It always makes me chuckle a little when a line guy tries to marshal me in uncomfortably close to a building, another airplane or other obstruction…the look of disbelief on their faces when I ignore their instructions is priceless.
I remember one fellow who tried to lecture me on following directions… we had a quiet conversation about who was responsible for the rather expensive airplane while it was moving under it’s own steam.
And the opposite, when I actually do follow the instructions, although obviously wrong…! Just the other day they were training a new marshaller. They guy got his directions backwards. There were plenty of space, so I turned the way he waved. The waving slowed, stopped and began frantically waving the other way!
Yeah, I was once told, by a marshaller, that they decide where to park. I just replied ”only when I agree, or they change the parking to a place I can agree to”
Also, there are not always lines. Lines are only for “movement areas” (areas controlled by the FAA). Ramps are often marked or unmarked as the airline sees fit. And sometimes pilots do exactly the same dumb thing drivers do at a Home Depot parking lot, make a bee-line for the exit instead of properly following lanes of travel.
What a load of BS! The best advancement in a decade…in fact an even better advancement than the e-flightbag…is autopark. It takes the marshaler out of the equation entirely and projects an optical lens to the Captain for centerline control and a lidar-directed distance bar for braking. 100% fool-proof.
I read something about Boom recently…about the CEO wanting to have $100 flights or something. It was the kind of shill/sell that made me really doubt the company if the CEO was that far out of touch with the reality of the costs of aviation (engineering, maintenance, safety, development, certification). This looks like a capital money grab where the project dies and everyone gets rich. If I were an investment company or capital venture company…I wouldn’t touch this with a pole shaped like the Boom.
But hey. Who knew a company would be landing rockets vertically day after day… Now, where did I park my Wright Flyer…?
Yeah…I hope they are successful. The stresses on supersonic aircraft and the operating regime are so darn hostile though. I hope they get it working…and that it is affordable. It is a cool looking air vehicle that is no doubt…!
This is the part I’m really not sure you can get around. They worked out the supersonic aerodynamics a long time ago and you just need a lot of energy to be in that regime and it’s a tough place for a machine to be in…and I just can’t see there being a solution nobody has thought about yet that would revolutionise things.
Modern composites will reduce mass, modern metallurgy and knowledge improves engine efficiency etc. - but you still need to burn a lot of fuel to stay going that fast for hours and the stresses involved are substantial…so I don’t see where the difference between the (failed) business case for the Concorde and the business case for Boom lies.
It helps with things like fuel burn and drag reduction…but at Mach 2+ speeds the heating on the parts of the aircraft that are still hitting the air molecules is significant.

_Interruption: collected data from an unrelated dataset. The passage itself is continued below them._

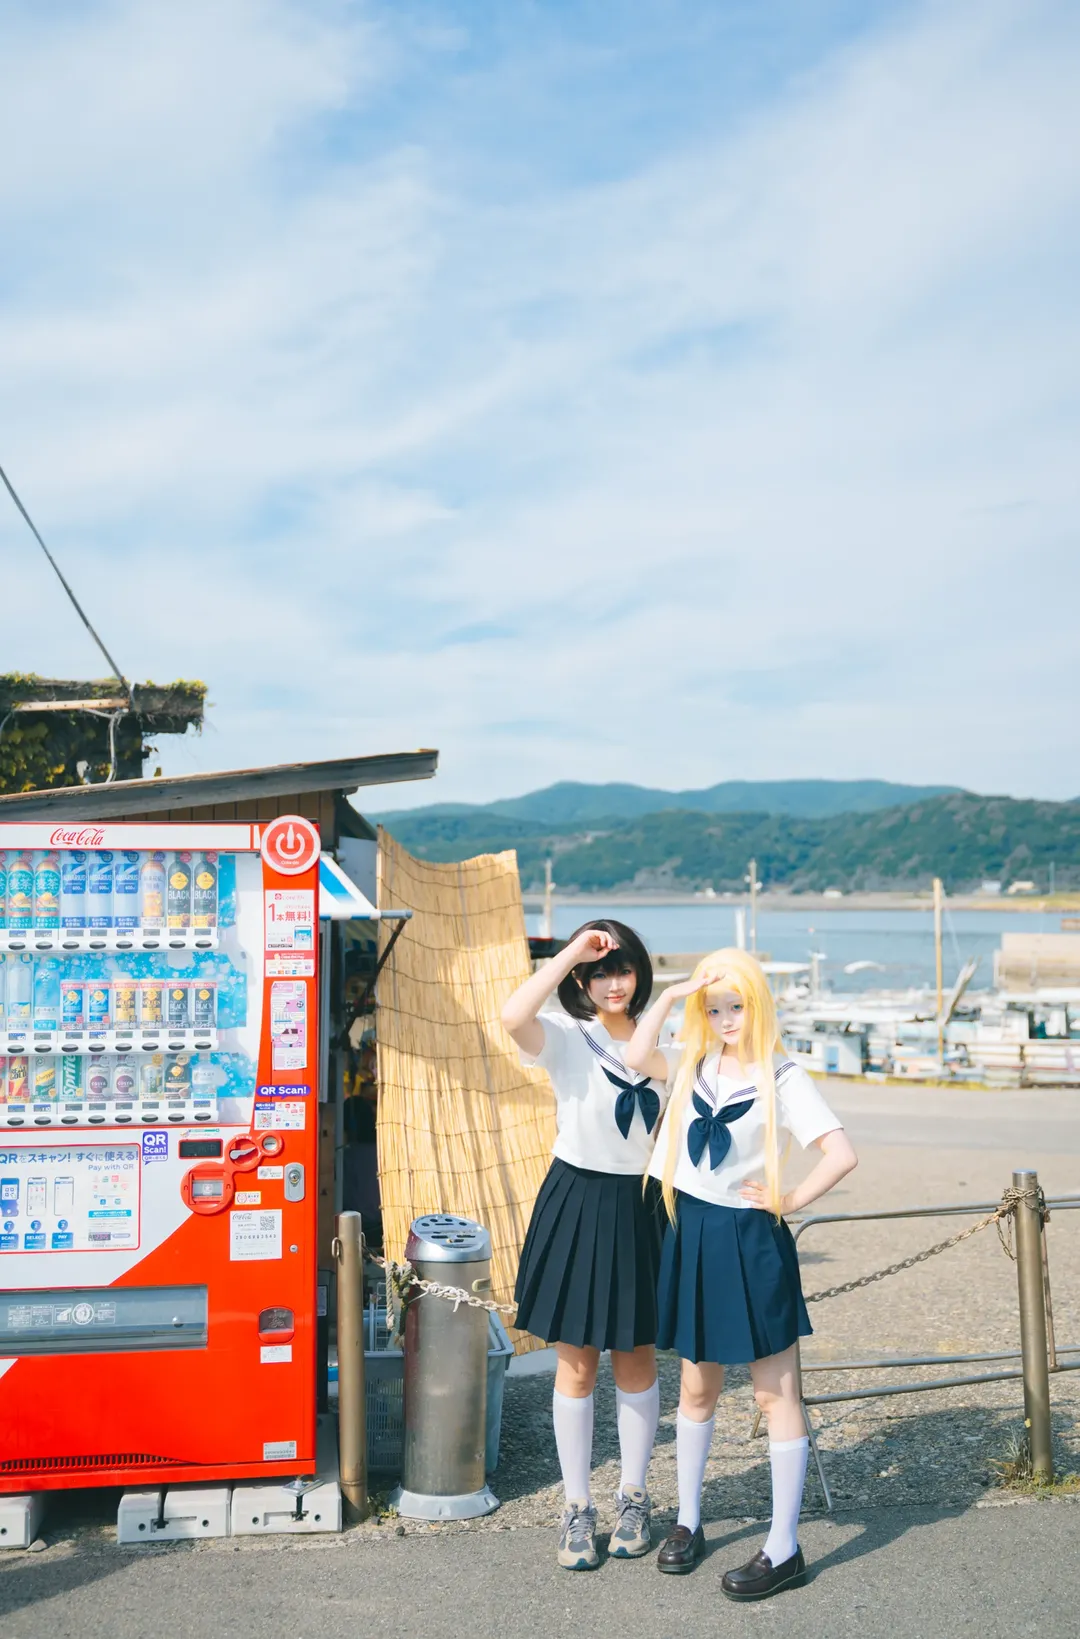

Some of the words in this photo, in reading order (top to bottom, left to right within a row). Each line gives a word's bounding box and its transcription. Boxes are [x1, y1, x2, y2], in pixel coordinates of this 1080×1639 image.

[50, 827, 106, 847] Coca-Cola
[168, 890, 190, 899] BLACK
[195, 890, 217, 899] BLACK
[64, 1055, 77, 1096] Sprite
[261, 1086, 276, 1095] QR
[278, 1085, 307, 1095] Scan!
[143, 1134, 166, 1145] QR
[144, 1146, 167, 1154] Scan!
[0, 1152, 71, 1165] QRをスキャン!
[76, 1151, 139, 1162] すぐに使える!

And there is still quite a bit of atmosphere at 60,000’. And all the parts that aren’t in the airflow are probably sitting at -60C or something. I think Concorde operated in the FL500 or near there regime maybe…
Oh I agree…the airline did a bang up job of being the early adopter that got the image out there. If the airline entered a purchase agreement or has some cost in the development however, I don’t know that it will be worth it. I like the tag “Supersonic Is Here” because I don’t think the plane has even been built yet. The “Baby Boom” is a 1/3 scale and it hasn’t flown yet that I know of (?). I don’t know…color me skeptical.
Concorde certainly didn’t make back its development costs however both British Airways’ and Air France’s Concorde services were consistently profitable from around the mid 80’s until they retired in 2003. The main reasons for the lack of aircraft sales to other nations / airlines were noise and range. The sonic boom meant most countries simply banned it from being operated supersonically over land, and the range of a little over 4000 miles made it impractical for a lot of ocean crossings.
My understanding of the Boom is that they have put a lot of design effort into reducing the impact of the sonic boom (I’m sure there’s a wordplay joke in there somewhere but I’m too tired to see it) and are hoping to open up the possibility of flights at least in part over land. If that happens it will open up a lot more routes that might support a service. It will cost more than a standard subsonic flight, but in a world where Jeff Bezos spends half a billion dollars on a yacht to play with there might be enough demand amongst clientele who can afford to pay. Its a gamble, but I kinda hope they succeed.